By "locking in" the setting of the novel, we are saying "how is it necessary to the story that this action take place in the time and place that it does?" Clearly we could nudge any story in time and place and it would, hypothetically, still work, as long as the essential elements are intact. Thus we should look for elements that are unique to late 1800s New England, and understand how they inform the story.
The most significant element, which is alluded to but not focused on in the story, is the Second Industrial Revolution. This saw cities consolidating their power and influence even further; farms and the countryside were, in essence, becoming archaic. Considered from the perspective of the story's mood and message, this makes sense; Starkfield has seen better times, and piece by piece we get the picture that it is largely because the modern world is passing by. Ethan mentions that the trains don't stop in Starkfield, and Starkfield's winters are noted for their harshness. Starkfield is, in essence, withering, while other people and places blossom. We have a sense that life is better elsewhere, but these happier settings are just out of view.

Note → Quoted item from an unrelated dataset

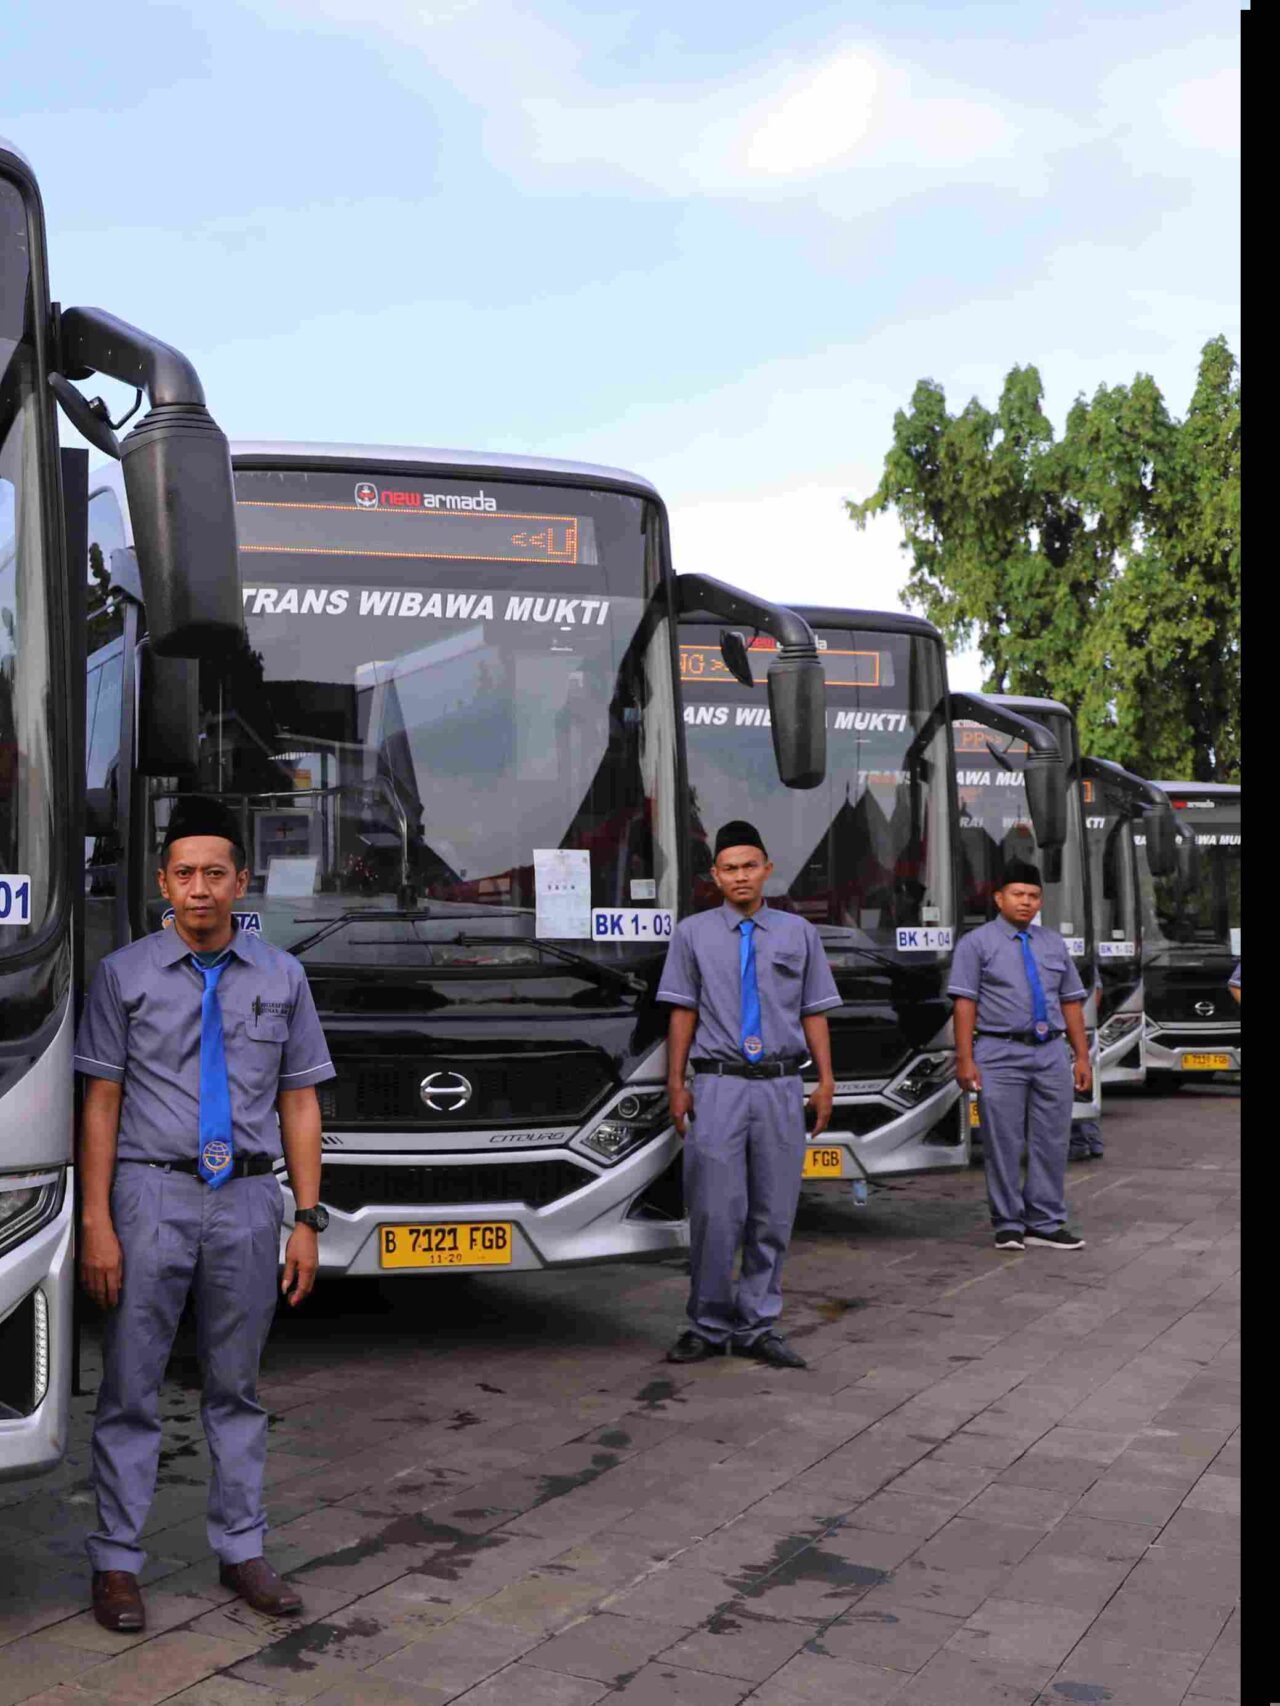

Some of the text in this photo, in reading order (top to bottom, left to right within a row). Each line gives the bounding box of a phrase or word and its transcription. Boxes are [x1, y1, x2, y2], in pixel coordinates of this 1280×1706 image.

Wharton was also specifically interested in portraying the type of New England that the novel conveys; one that is beautiful, but bleak, somber and somewhat anachronistic - she called it a "decaying rural existence". Clearly the reason that this wouldn't work for a comparable Southern or Western setting is the absence of the kind of winters necessary to frame the story in the proper melancholy light.
There are other minor considerations we can make as well; for example, Zenobia would have had better access to medical care in a more modern world, and in an older one the medicines she was constantly ordering may not have been available at all, hastening her death.